Usando metáforas genéricas para transmitir temas complexos, o
filme é um híbrido de dois pratos
fortes do cinema americano: o filme de gângster e o faroeste. "Eu
sabia desde o início que havia
uma mitologia americana épica,
de faroeste, envolvida nessa história. É uma premissa americana
clássica tanto na história quanto
no cinema americanos."
Mesmo assim, Cronenberg se
prepara para uma possível reação
de furor. Embora hoje estejamos
vivendo com a consciência da necessidade de defender o uso de seqüências violentas.

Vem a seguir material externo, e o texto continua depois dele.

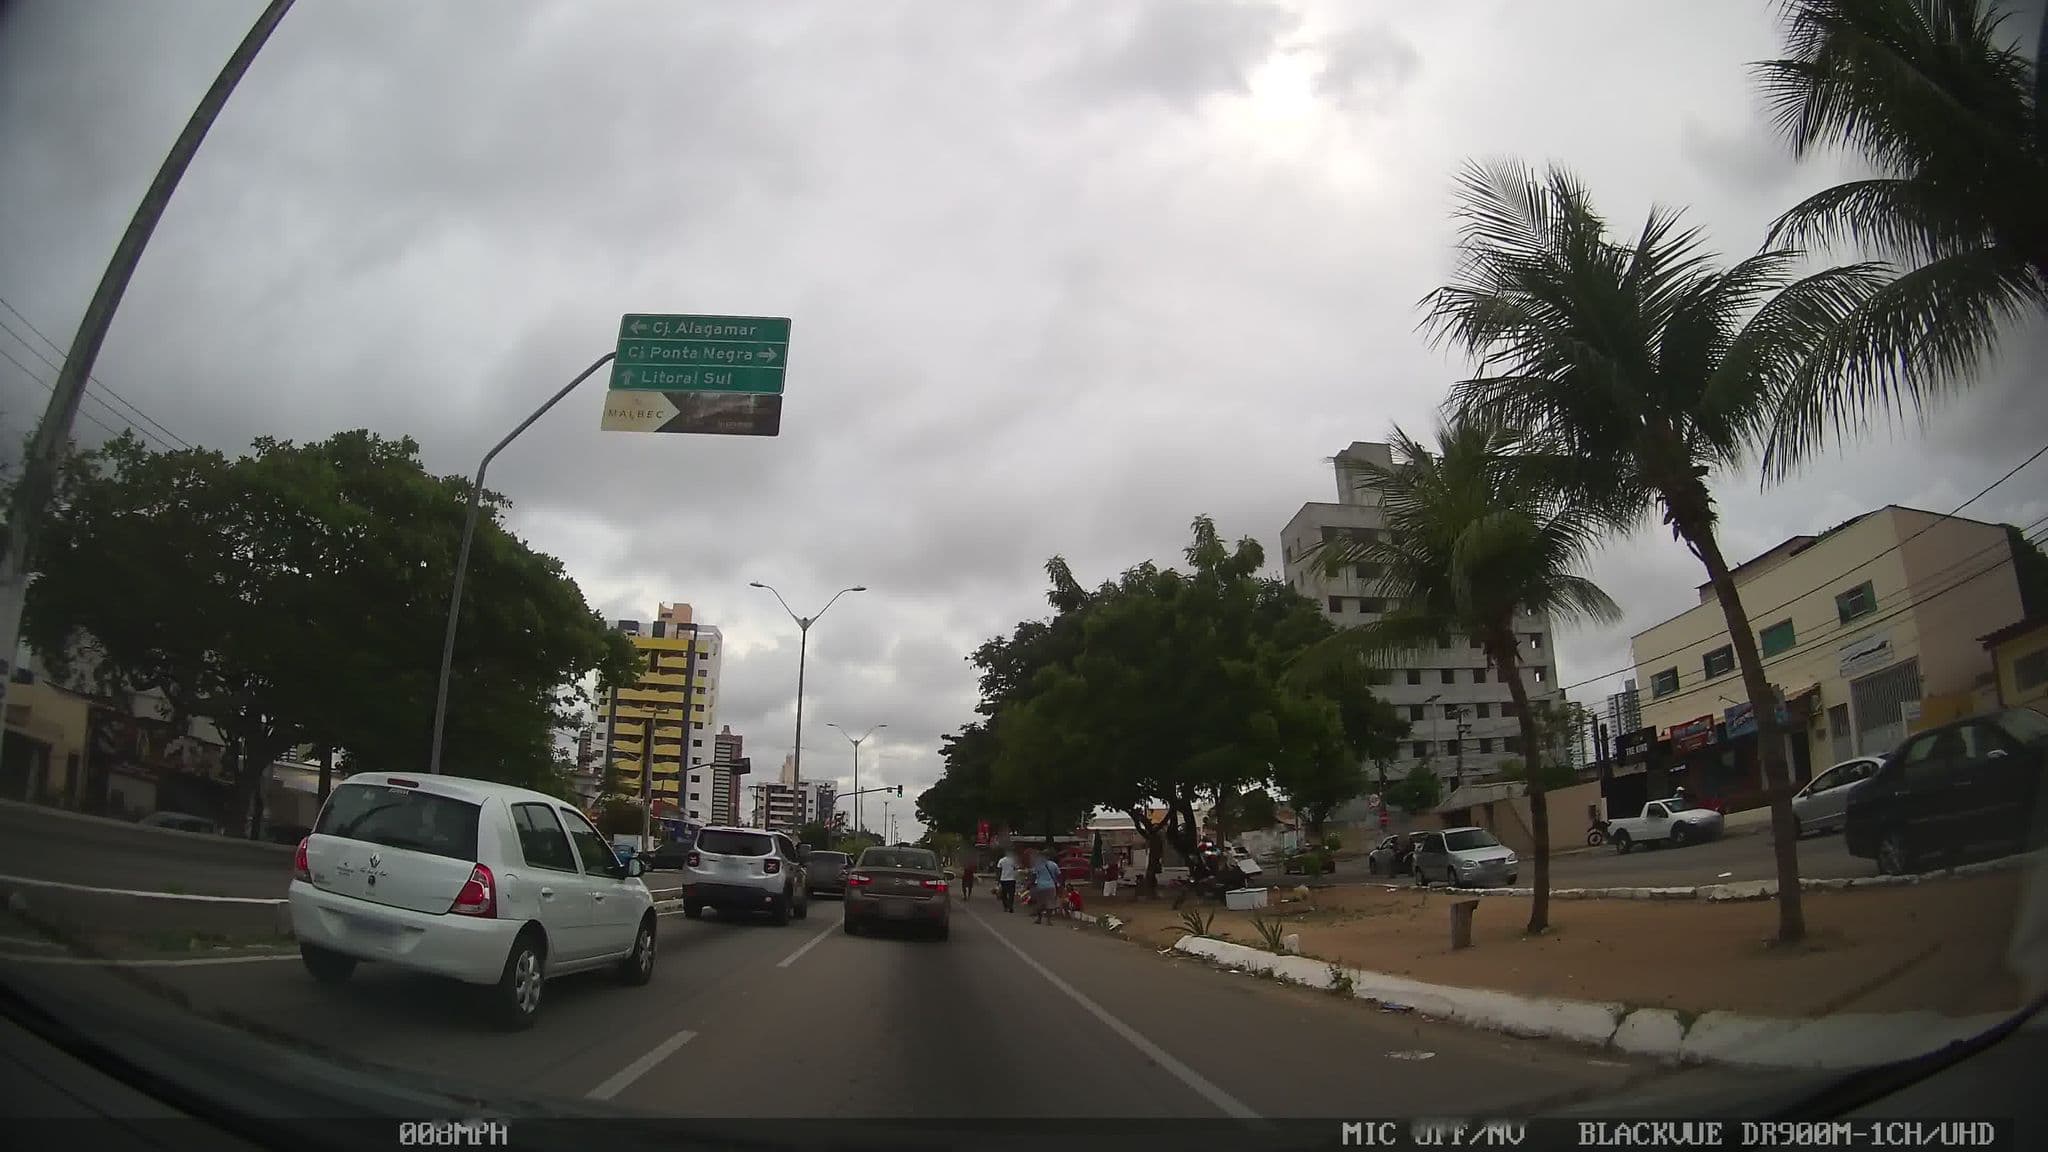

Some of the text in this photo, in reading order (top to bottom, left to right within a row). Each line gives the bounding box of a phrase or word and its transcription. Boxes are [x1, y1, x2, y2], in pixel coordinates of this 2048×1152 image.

"Essas cenas são muito curtas.
Mas será que se pode dizer que é
melhor não mostrar as conseqüências da violência? A idéia é
justamente dizer que essa violência é real. Ela tem um impacto nada agradável sobre o corpo humano. Não estamos fazendo uma
fantasia de kung fu. Este não é um
filme de artes marciais dos anos
70. Mostramos que a violência é
muito cruel, muito brutal, muito
rápida, muito imprevisível e tem
conseqüências horrendas."
Embora Cronenberg nunca tenha sido um cineasta que se proponha a criar polêmica, alguns
críticos já aventam a idéia de que
"Marcas da Violência" possa ser
uma alegoria da invasão do Iraque -já que Stall defende sua casa agressivamente contra insurgentes vindos do "oriente".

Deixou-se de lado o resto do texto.